En santé, Jean Charest avait mis la barre très haut, en 2003, en promettant d'éliminer l'attente aux urgences. Mauvais conseil des spécialistes en marketing du PLQ, confie un proche : on attend une heure de plus qu'il y a neuf ans. Un progrès importantnéanmoins: la garantie d'accès, dans les six mois, à des interventions comme la cataracte, le remplacement du genou ou de la hanche. Deux autres avancées en santé sont à noter : on a réduit le fouillis des accréditations syndicales et finalement donné le feu vert à la construction des deux hôpitaux universitaires à Montréal.
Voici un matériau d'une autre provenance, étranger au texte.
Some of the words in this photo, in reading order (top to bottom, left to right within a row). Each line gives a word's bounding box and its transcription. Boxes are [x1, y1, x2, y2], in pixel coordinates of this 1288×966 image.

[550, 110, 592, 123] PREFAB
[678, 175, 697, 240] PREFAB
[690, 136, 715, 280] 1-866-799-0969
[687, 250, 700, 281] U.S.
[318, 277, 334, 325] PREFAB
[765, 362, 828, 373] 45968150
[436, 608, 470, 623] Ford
Sur le plan de l'environnement, Jean Charest aura été le champion de la lutte contre les changements climatiques. «Ici, il y a unanimité sur ce que le gouvernement a accompli», observe Steven Guilbeault, coordonnateur général adjoint à Equiterre. Un bon point: après l'abandon du projet de centrale au gaz du Suroît sous la pression populaire, le Québec deviendra un chef de file de l'énergie éolienne. Autre avancée: la protection du territoire. De 1976 à 2003, seulement 2% du territoire a été protégé. Depuis 2003, on a atteint 8%, relève Steven Guilbeault. Mais bien des Québécois se souviendront du dossier du gaz de schiste et «une série de décisions déplorables» dans un domaine que ne connaissait pas la fonction publique québécoise, explique l'environnementaliste.

Scène internationale

C'est probablement sur la scène internationale que Jean Charest aura été le plus à l'aise. Il aura «multiplié les contacts avec les milieux financiers à l'étranger et cela aura été très utile au Québec», observe le sénateur Rivest. Jean Charest est parvenu à relancer des discussions sur un projet d'accord économique et commercial entre le Canada et l'Union économique européenne. Il s'agit d'un «élément très structurant pour l'avenir économique du Québec», selon Louis Bélanger, politologue spécialisé en relations internationales à l'Université Laval, qui rappelle qu'«avant que Jean Charest s'en mêle, les discussions n'allaient nulle part.» L'entente doit être conclue avant la fin de l'année.

Ottawa

À l'ouest, rien de nouveau.Les relations sont toujours tendues avec Ottawa. Il faut dire que les différends n'ont pas manqué mais le Québec a marqué des points: le litige sur une agence unique pour les valeurs mobilières a été remporté par les provinces et Québec a obtenu gain de cause sur la compensation pour l'harmonisation de la taxe de vente. Mais sous Paul Martin, on avait obtenu davantage avec la reconnaissance de «l'asymétrie» pour le Québec dans la répartition des paiements pour la santé.

Mais la vraie guerre n'a pas eu lieu. Le gouvernement Charest «a joué de chance. Il était là dans une période de difficultés financières à Ottawa. L'absence de nouveaux programmes a réduit les risques d'intrusion du pouvoir fédéral dans les champs de compétences du Québec», observe le sénateur Rivest.

Jean Charest est aussi l'instigateur du Conseil de la fédération, rappelle M. Rivest. «Mais les volontés qu'y ont exprimées les provinces ont laissé de glace Stephen Harper. [Pour Ottawa, les déclarations du conseil] ont autant de poids qu'une résolution de l'Assemblée nationale», conclut Rivest, sourire en coin.